Spatial localization data

☆ ☆ ☆

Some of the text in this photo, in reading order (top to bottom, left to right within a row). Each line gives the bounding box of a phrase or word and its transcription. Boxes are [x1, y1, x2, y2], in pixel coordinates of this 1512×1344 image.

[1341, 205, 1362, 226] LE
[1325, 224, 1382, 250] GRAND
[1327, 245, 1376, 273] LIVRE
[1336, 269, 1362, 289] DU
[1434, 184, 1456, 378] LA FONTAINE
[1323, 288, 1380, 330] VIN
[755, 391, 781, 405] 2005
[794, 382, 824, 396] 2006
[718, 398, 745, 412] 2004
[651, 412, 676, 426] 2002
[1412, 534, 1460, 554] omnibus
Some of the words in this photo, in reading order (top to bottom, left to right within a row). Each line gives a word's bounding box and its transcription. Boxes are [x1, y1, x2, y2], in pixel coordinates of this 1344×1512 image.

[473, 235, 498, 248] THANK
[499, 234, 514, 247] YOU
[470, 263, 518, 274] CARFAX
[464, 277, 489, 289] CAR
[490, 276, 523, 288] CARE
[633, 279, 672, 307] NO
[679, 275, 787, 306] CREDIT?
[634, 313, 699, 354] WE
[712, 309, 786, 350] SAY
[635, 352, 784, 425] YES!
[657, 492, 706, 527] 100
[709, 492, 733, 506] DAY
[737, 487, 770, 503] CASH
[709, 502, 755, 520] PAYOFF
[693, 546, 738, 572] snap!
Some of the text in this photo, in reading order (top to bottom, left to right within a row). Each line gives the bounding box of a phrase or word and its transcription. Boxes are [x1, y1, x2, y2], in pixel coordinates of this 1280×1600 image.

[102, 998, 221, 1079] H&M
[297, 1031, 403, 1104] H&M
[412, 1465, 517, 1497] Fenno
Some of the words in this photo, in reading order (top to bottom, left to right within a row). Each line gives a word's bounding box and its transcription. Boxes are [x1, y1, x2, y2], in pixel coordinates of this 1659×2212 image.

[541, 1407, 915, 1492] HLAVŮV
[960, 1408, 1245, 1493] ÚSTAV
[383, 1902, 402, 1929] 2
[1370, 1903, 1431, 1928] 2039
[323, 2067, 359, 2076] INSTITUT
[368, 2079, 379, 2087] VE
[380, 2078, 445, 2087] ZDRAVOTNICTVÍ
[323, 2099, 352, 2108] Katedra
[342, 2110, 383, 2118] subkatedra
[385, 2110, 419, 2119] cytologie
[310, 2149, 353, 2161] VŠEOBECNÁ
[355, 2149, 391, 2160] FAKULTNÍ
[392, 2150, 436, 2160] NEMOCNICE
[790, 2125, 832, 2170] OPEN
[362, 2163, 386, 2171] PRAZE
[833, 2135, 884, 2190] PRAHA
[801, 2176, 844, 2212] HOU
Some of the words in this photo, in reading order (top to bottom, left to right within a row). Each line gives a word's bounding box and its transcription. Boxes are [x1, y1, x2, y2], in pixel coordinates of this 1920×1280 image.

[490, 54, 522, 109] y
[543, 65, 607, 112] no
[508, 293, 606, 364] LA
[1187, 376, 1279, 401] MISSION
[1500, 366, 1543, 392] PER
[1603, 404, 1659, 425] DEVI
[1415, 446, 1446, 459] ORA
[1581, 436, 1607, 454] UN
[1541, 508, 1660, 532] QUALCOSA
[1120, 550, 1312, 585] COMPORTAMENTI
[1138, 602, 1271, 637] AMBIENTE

☆ ☆ ☆

Work task
The data above must be restated word for word.

Reply to the task
Some of the text in this photo, in reading order (top to bottom, left to right within a row). Each line gives the bounding box of a phrase or word and its transcription. Boxes are [x1, y1, x2, y2], in pixel coordinates of this 1512×1344 image.

[1341, 205, 1362, 226] LE
[1325, 224, 1382, 250] GRAND
[1327, 245, 1376, 273] LIVRE
[1336, 269, 1362, 289] DU
[1434, 184, 1456, 378] LA FONTAINE
[1323, 288, 1380, 330] VIN
[755, 391, 781, 405] 2005
[794, 382, 824, 396] 2006
[718, 398, 745, 412] 2004
[651, 412, 676, 426] 2002
[1412, 534, 1460, 554] omnibus
Some of the words in this photo, in reading order (top to bottom, left to right within a row). Each line gives a word's bounding box and its transcription. Boxes are [x1, y1, x2, y2], in pixel coordinates of this 1344×1512 image.

[473, 235, 498, 248] THANK
[499, 234, 514, 247] YOU
[470, 263, 518, 274] CARFAX
[464, 277, 489, 289] CAR
[490, 276, 523, 288] CARE
[633, 279, 672, 307] NO
[679, 275, 787, 306] CREDIT?
[634, 313, 699, 354] WE
[712, 309, 786, 350] SAY
[635, 352, 784, 425] YES!
[657, 492, 706, 527] 100
[709, 492, 733, 506] DAY
[737, 487, 770, 503] CASH
[709, 502, 755, 520] PAYOFF
[693, 546, 738, 572] snap!
Some of the text in this photo, in reading order (top to bottom, left to right within a row). Each line gives the bounding box of a phrase or word and its transcription. Boxes are [x1, y1, x2, y2], in pixel coordinates of this 1280×1600 image.

[102, 998, 221, 1079] H&M
[297, 1031, 403, 1104] H&M
[412, 1465, 517, 1497] Fenno
Some of the words in this photo, in reading order (top to bottom, left to right within a row). Each line gives a word's bounding box and its transcription. Boxes are [x1, y1, x2, y2], in pixel coordinates of this 1659×2212 image.

[541, 1407, 915, 1492] HLAVŮV
[960, 1408, 1245, 1493] ÚSTAV
[383, 1902, 402, 1929] 2
[1370, 1903, 1431, 1928] 2039
[323, 2067, 359, 2076] INSTITUT
[368, 2079, 379, 2087] VE
[380, 2078, 445, 2087] ZDRAVOTNICTVÍ
[323, 2099, 352, 2108] Katedra
[342, 2110, 383, 2118] subkatedra
[385, 2110, 419, 2119] cytologie
[310, 2149, 353, 2161] VŠEOBECNÁ
[355, 2149, 391, 2160] FAKULTNÍ
[392, 2150, 436, 2160] NEMOCNICE
[790, 2125, 832, 2170] OPEN
[362, 2163, 386, 2171] PRAZE
[833, 2135, 884, 2190] PRAHA
[801, 2176, 844, 2212] HOU
Some of the words in this photo, in reading order (top to bottom, left to right within a row). Each line gives a word's bounding box and its transcription. Boxes are [x1, y1, x2, y2], in pixel coordinates of this 1920×1280 image.

[490, 54, 522, 109] y
[543, 65, 607, 112] no
[508, 293, 606, 364] LA
[1187, 376, 1279, 401] MISSION
[1500, 366, 1543, 392] PER
[1603, 404, 1659, 425] DEVI
[1415, 446, 1446, 459] ORA
[1581, 436, 1607, 454] UN
[1541, 508, 1660, 532] QUALCOSA
[1120, 550, 1312, 585] COMPORTAMENTI
[1138, 602, 1271, 637] AMBIENTE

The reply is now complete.